Today there are more than 120 bars and clubs that host live music, plus hundreds that play recorded jazz. Shinjuku, Takadanobaba, and Kichijoji are the city's jazz enclaves. Famous international acts regularly appear at big-name clubs such as the Blue Note, but the smaller, lesser-known joints usually have more atmosphere. With such a large jazz scene, there's an incredible diversity to enjoy, from Louis Armstrong tribute acts to fully improvised free jazz—sometimes on successive nights at the same venue.
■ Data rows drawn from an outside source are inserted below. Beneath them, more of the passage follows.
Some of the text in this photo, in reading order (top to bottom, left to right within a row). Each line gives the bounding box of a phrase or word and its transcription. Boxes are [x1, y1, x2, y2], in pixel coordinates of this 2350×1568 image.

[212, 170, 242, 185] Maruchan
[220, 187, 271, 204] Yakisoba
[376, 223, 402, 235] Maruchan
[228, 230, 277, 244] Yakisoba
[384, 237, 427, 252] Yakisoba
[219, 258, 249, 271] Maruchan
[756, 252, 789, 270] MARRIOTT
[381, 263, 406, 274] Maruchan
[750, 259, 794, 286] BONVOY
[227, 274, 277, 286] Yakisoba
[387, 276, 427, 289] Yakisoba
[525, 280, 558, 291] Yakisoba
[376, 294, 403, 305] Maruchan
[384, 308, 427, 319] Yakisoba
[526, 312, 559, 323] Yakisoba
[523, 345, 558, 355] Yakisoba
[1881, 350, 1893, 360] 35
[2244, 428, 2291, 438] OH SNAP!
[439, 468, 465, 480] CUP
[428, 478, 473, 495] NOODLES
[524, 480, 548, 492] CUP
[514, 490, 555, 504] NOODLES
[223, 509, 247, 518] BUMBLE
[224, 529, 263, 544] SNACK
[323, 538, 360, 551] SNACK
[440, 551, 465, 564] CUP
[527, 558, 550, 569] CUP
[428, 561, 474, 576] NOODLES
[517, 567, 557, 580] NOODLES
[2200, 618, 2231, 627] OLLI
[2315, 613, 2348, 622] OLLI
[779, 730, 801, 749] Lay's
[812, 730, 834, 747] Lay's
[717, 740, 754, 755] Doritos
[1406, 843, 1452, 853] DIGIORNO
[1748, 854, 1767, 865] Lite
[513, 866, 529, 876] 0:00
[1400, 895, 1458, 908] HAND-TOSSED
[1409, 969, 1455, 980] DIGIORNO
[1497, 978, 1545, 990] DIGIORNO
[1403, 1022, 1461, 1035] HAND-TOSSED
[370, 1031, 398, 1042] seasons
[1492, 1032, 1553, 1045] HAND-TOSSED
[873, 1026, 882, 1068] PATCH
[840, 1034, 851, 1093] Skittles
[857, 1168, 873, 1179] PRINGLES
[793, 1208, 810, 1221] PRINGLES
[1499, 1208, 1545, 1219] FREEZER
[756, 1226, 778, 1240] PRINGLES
If you time your visit right, you can listen to great jazz at one of the city's more than 20 annual festivals dedicated to this adopted musical form. The festivals vary in size and coverage, but two to check out are the Tokyo Jazz Festival and the Asagaya Jazz Street Festival.
Tokyo Jazz Festival. On the first weekend in September, the festival takes over the Tokyo International Forum and Cotton Club Tokyo in Marunouchi. Though the forum's 5,000-seat hall lacks the intimacy you might seek in a jazz show, the lineup is usually an impressive mix of local talent and international stars. 3-5-1 Marunouchi, Chiyoda-ku, Tokyo, 100-0005. 03/5777–8600. www.tokyo-jazz.com.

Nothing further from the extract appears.